Les législations protectrices des données personnelles sont nées d’un mouvement de défiance à l’égard de l’Etat à une époque où la puissance informatique lui appartenait. On sait les évolutions intervenues depuis lors et le changement de paradigme introduit par Internet. Les capacités développées par les GAFAM ont déplacé les craintes de cette surveillance avec pour point d’orgue le scandale Cambridge Analytica. Mais force est de constater que l’Etat reprend la main et n’a rien à envier aux méthodes de surveillance précitées. Plusieurs exemples récents l’illustrent.

Le traitement inédit prévu à l’article 154 de la loi de finances pour 2020, qui autorise le fisc à collecter massivement des données publiques en ligne pour lutter contre la fraude, a passé le cap du contrôle de constitutionnalité ce 27 décembre 2019, malgré trois recours émanant de plus de 60 députés et sénateurs, l’avis défavorable du Conseil d’Etat (qui y voyait un cavalier législatif), et les réserves importantes de la CNIL.

En effet, bien que l’objectif de lutte contre la fraude et l’évasion fiscales soit légitime (rappelons qu’il s’agit d’un objectif de valeur constitutionnelle), le dispositif soulève tout de même d’importants enjeux en matière de protection des données à caractère personnel (sans parler des atteintes au droit au respect de la vie privée et à la liberté d’expression et de communication), particulièrement en matière de proportionnalité des données collectées, puisque comme l’avait rappelé la CNIL, la mise en œuvre de ce dispositif repose sur « une collecte générale préalable de données relatives à l’ensemble des personnes rendant accessibles des contenus sur les plateformes en ligne visées, en vue de cibler des actions ultérieures de contrôle lorsque le traitement de ces données aura fait apparaître un doute, et non sur une logique de traitement ciblé de données lorsqu’un doute ou des suspicions de commission d’une infraction préexistent ».

Il s’agit d’une étape supplémentaire dans l’intrusion dans la vie privée des citoyens. L’article 242 bis du CGI, tel que modifié par la loi anti-fraude de 2018, imposait déjà aux plateformes de mise en relation d’envoyer à l’administration fiscale un récapitulatif des transactions commerciales réalisées par leurs utilisateurs. Désormais, le fisc pourra directement aller se servir à la source.

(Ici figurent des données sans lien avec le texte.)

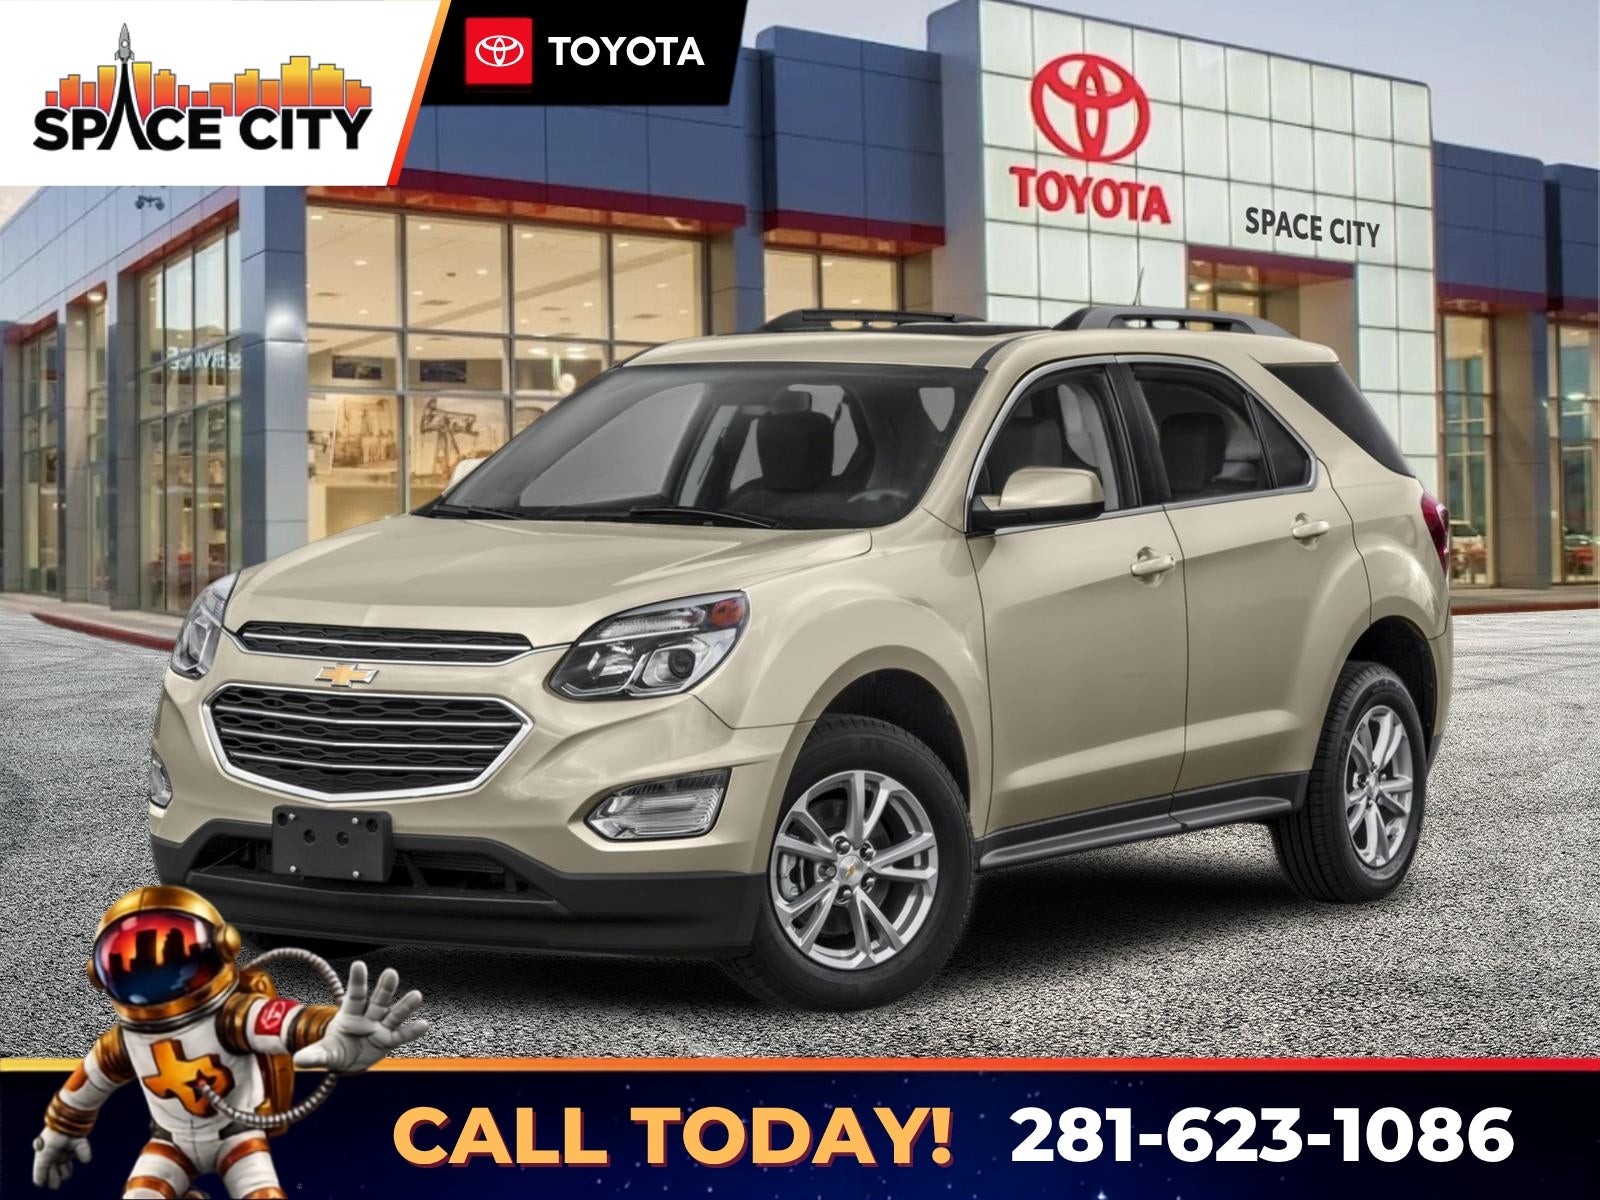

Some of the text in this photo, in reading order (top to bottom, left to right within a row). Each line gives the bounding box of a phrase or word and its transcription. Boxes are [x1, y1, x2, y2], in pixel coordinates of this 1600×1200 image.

Et même si le Conseil constitutionnel a considéré que le dispositif était assorti de garanties appropriées (collecte limitée aux contenus rendus publics par les utilisateurs et librement accessibles sur les réseaux sociaux et autres marketplaces, exclusion de la reconnaissance faciale et des décisions entièrement automatisées, etc.), l’expérimentation, prévue pour une durée de 3 ans, devra faire l’objet d’une analyse d’impact dont les résultats seront transmis à la CNIL, ainsi que d’une évaluation intermédiaire à mi-parcours.

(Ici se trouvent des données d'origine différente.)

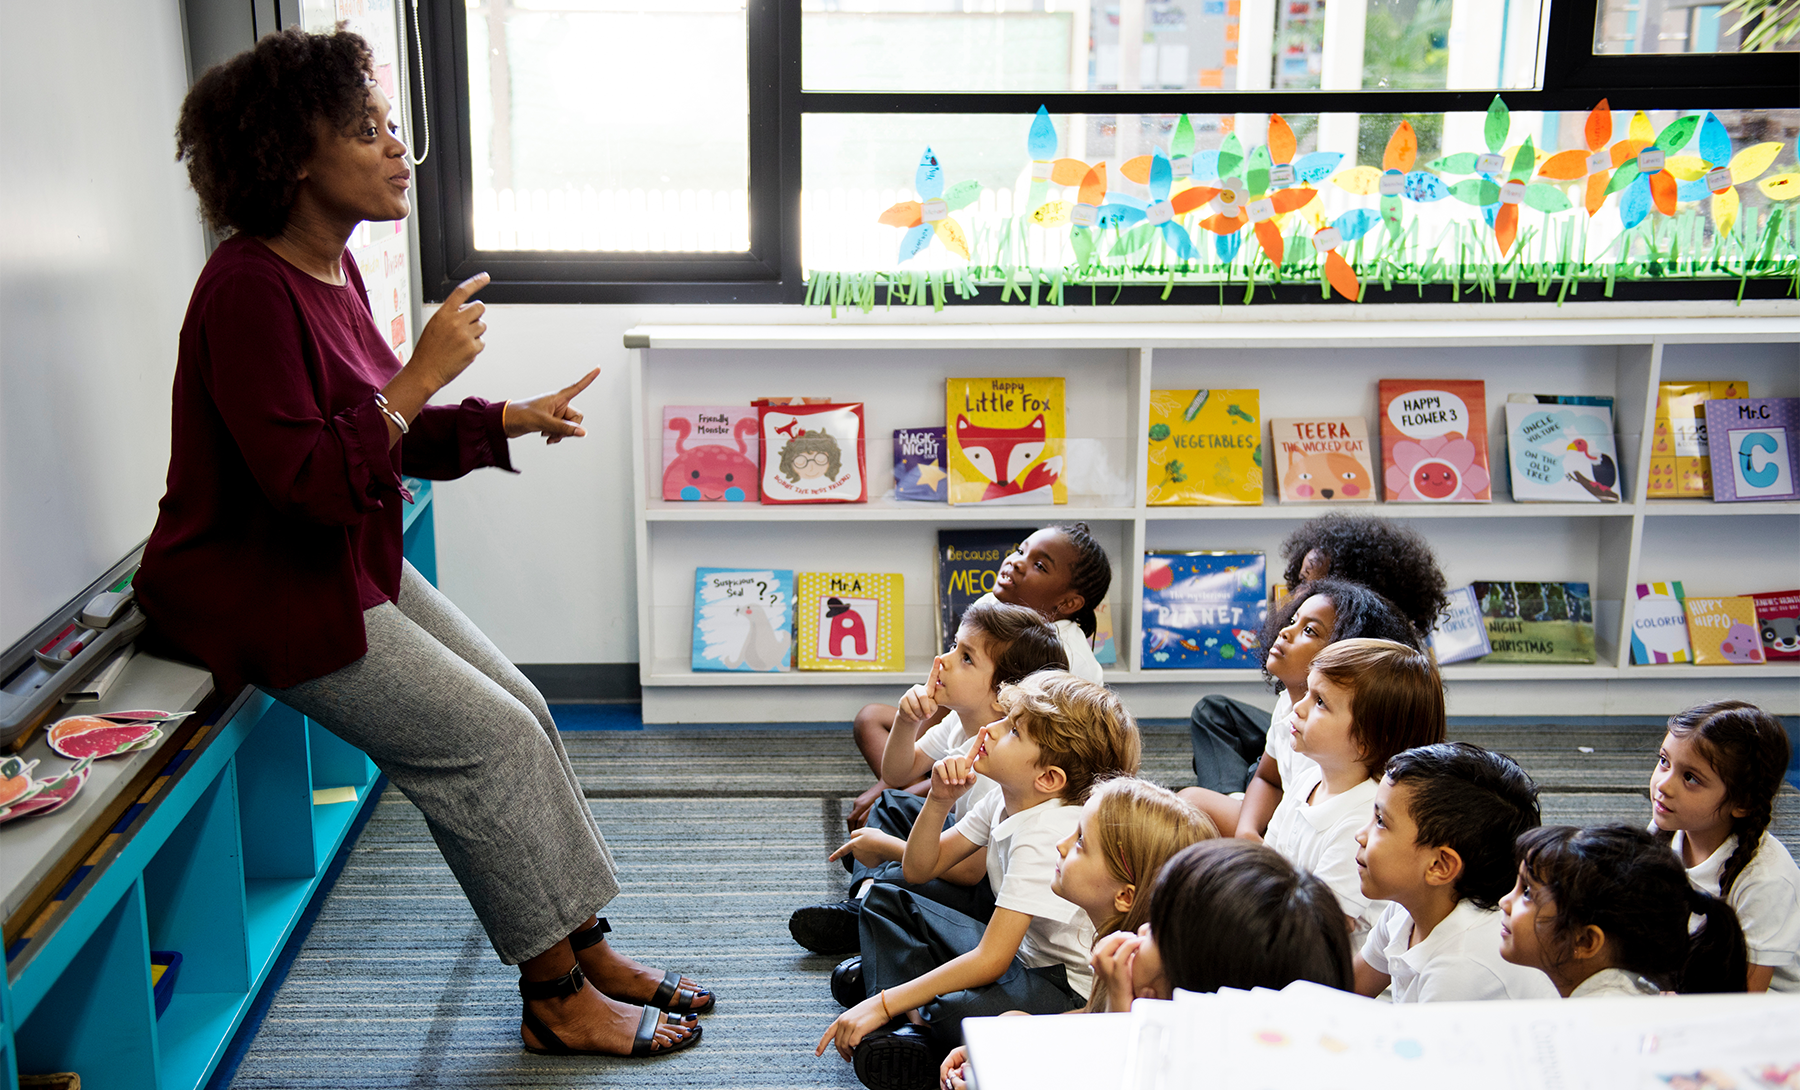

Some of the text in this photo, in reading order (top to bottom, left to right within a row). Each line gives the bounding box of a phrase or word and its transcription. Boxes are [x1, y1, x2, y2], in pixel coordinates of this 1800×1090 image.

[992, 380, 1025, 394] Happy
[966, 391, 1051, 413] Little Fox
[1403, 396, 1441, 412] HAPPY
[698, 413, 729, 426] Friendly
[1401, 408, 1458, 427] FLOWER 3
[1738, 405, 1771, 420] Mr.C
[697, 425, 729, 434] Monster
[1293, 422, 1351, 440] TEERA
[1522, 414, 1554, 435] UNCLE
[899, 432, 936, 445] MAGIC
[1526, 422, 1561, 443] VULTURE
[1172, 434, 1254, 449] VEGETABLES
[1281, 440, 1364, 453] THE WICKED CAT
[902, 443, 940, 456] NIGHT
[1524, 450, 1557, 466] ON THE
[1529, 461, 1550, 473] OLD
[1525, 468, 1551, 482] TREE
[947, 545, 1000, 561] Because
[713, 577, 755, 588] Suspicious
[831, 579, 862, 592] Mr.A
[947, 569, 999, 596] MEO
[727, 588, 744, 598] Seal
[1170, 590, 1231, 602] The mysterious
[1689, 599, 1723, 616] HIPPY
[1158, 605, 1243, 628] PLANET
[1635, 616, 1685, 629] COLORFU
[1694, 613, 1731, 629] HIPPO
[1489, 621, 1523, 634] NIGHT
[1491, 640, 1554, 654] CHRISTMAS

Il faudra cependant attendre le décret d’application pour en connaître les modalités précises de mise en œuvre. La CNIL sera notamment particulièrement attentive aux modalités d’information des personnes concernées, puisque comme elle le soulève, « la seule circonstance que les données soient accessibles sur internet, et que les personnes aient éventuellement conscience qu’un potentiel risque d’aspiration de leurs données existe, ne suffit pas pour que les administrations qui souhaitent les exploiter soient exonérées de l’obligation de collecter ces données de manière loyale et licite ». Or cette obligation impose d’informer les personnes de la collecte et du traitement de leurs données, conformément à l’article 14 du RGPD (collecte indirecte). Comment cette information sera-t-elle faite ? Les plateformes seront-elles sollicitées ? La plupart des conditions générales d’utilisation des plateformes rappellent aux utilisateurs que les contenus publics peuvent être vus par les tiers. D’un point de vue du RGPD, il nous semble que les plateformes ne sont pas tenues de fournir une information spécifique à ce sujet dans le cadre de leur politique de confidentialité, puisque le fisc pourrait être considéré comme un tiers autorisé, et non un « destinataire » au sens de l’article 4(8) du RGPD dans la mesure où les données sont collectées « dans le cadre d’une mission d’enquête particulière », ce d’autant qu’il procèdera lui-même à la collecte des données publiques, sans en faire la demande aux plateformes (qui devront néanmoins permettre techniquement la collecte des données par des moyens automatisés sur leur site, qui sont généralement protégés contre l’aspiration de données).

Il nous semble qu’il conviendra également de préciser la notion de « contenus librement accessibles », en lien avec la question du caractère public ou privé des comptes des réseaux sociaux sur laquelle la jurisprudence a eu l’occasion de se prononcer à plusieurs reprises dans le cadre de contentieux du droit du travail. L’application des critères ainsi dégagés (paramétrage du compte et nombre de personnes agrées) pourrait en effet laisser très peu de marge de manœuvre au fisc.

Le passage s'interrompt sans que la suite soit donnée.